A woman chooses moon cake at a store in Ho Chi Minh City.Tuoi Tre

The Mid-Autumn Festival has longer been a special day meant for children in Vietnam, as moon cakes, the traditional delicacy of the holiday, are now not meant for them to celebrate but for adults to build relations.
The mid-autumn festival, which is believed to originate in China and celebrated by many Asian countries, including Vietnam, falls on the 15th day of the eighth month on the lunar calendar. The festival falls on September 27 this year.
Despite the different theories on its origin, the mid-autumn festival and its indispensable treat – moon cakes – have been well loved and practiced for several hundred years. 
The fest is considered a special occasion for family reunions, and the original round shape of the moon cakes is also indicative of the meaning.
During the celebrations, family members habitually get together, make offerings to their ancestors and delightedly enjoy moon cakes over fragrant tea while admiring the full moon.
Meanwhile, kids typically hang around with their well-lit lanterns, chanting traditional moon-welcoming songs, and playing traditional games.

Kids play with laterns. Photo: Tuoi Tre
But these traditions have arguably become thing of the past, at least in Vietnamese big cities, as moon cakes are now mostly exchanged between adults as gifts, and their prices keep unreasonably skyrocketing festival after festival.
There is also a paradox in Vietnam, as those who buy moon cakes will not eat them, and those who eat the delicacy do not have to buy them.
Thirty-six out of 40 people from all walks of life recently surveyed byTuoi Tre (Youth) newspaper said that they buy moon cakes for a sole purpose: to give away as presents. This represents a huge proportion of 90 percent.
While it is a month away from the festival, the moon cake market has already started since early August, with the cakes now available at stores, supermarkets and street booths.

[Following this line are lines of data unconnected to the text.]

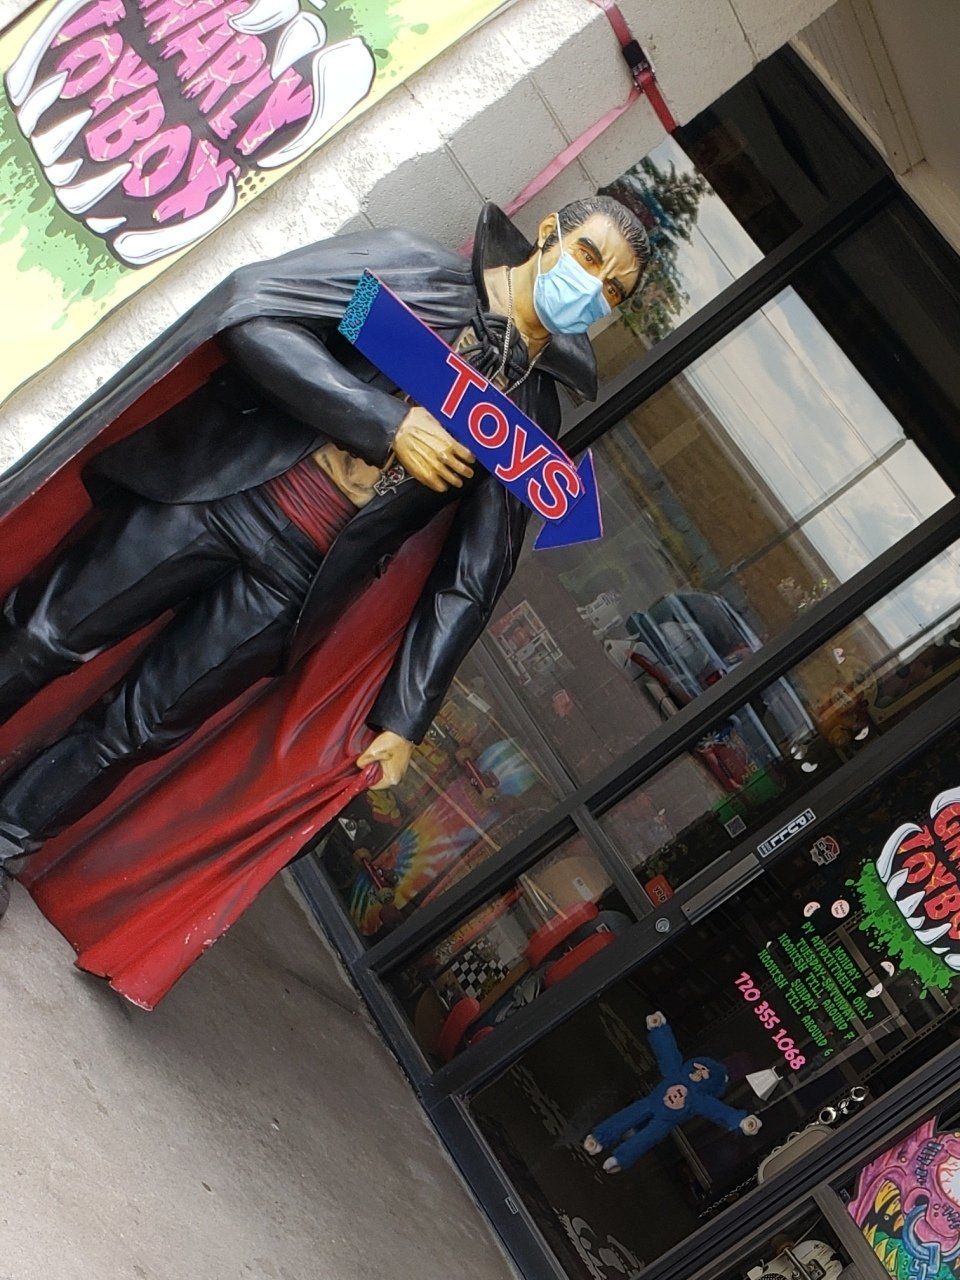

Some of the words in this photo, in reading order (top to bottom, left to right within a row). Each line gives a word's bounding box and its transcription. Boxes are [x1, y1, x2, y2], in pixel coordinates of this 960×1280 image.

[769, 814, 808, 848] PULL
[652, 885, 668, 903] yelp
[757, 948, 788, 988] NOONISH
[784, 988, 804, 1014] TILL
[801, 1014, 828, 1047] AROUND
[778, 933, 809, 973] NOONISH
[804, 972, 824, 998] TILL
[822, 998, 848, 1031] AROUND
[790, 979, 818, 1012] SUNDAY
[795, 938, 856, 1021] TUESDAY-SATURDAY
[801, 921, 815, 934] BY
[811, 935, 857, 996] APPOINTMENT
[852, 995, 873, 1020] ONLY
[832, 946, 861, 981] MONDAY
[733, 970, 762, 1003] 720
[753, 1000, 781, 1031] 355
[770, 1027, 808, 1071] 1068

A woman chooses moon cake. Photo:
 Tuoi Tre
Cake makers always introduce new fillings, packaging and designs for their products every year, and much higher prices as well.
A box of four moon cakes can cost between VND100,000 to more than VND2 million (US$4.5-$90), depending on the design, fillings, and reputation of the makers.
As the cakes will be used as gifts, people cannot wait until their prices are cut to buy.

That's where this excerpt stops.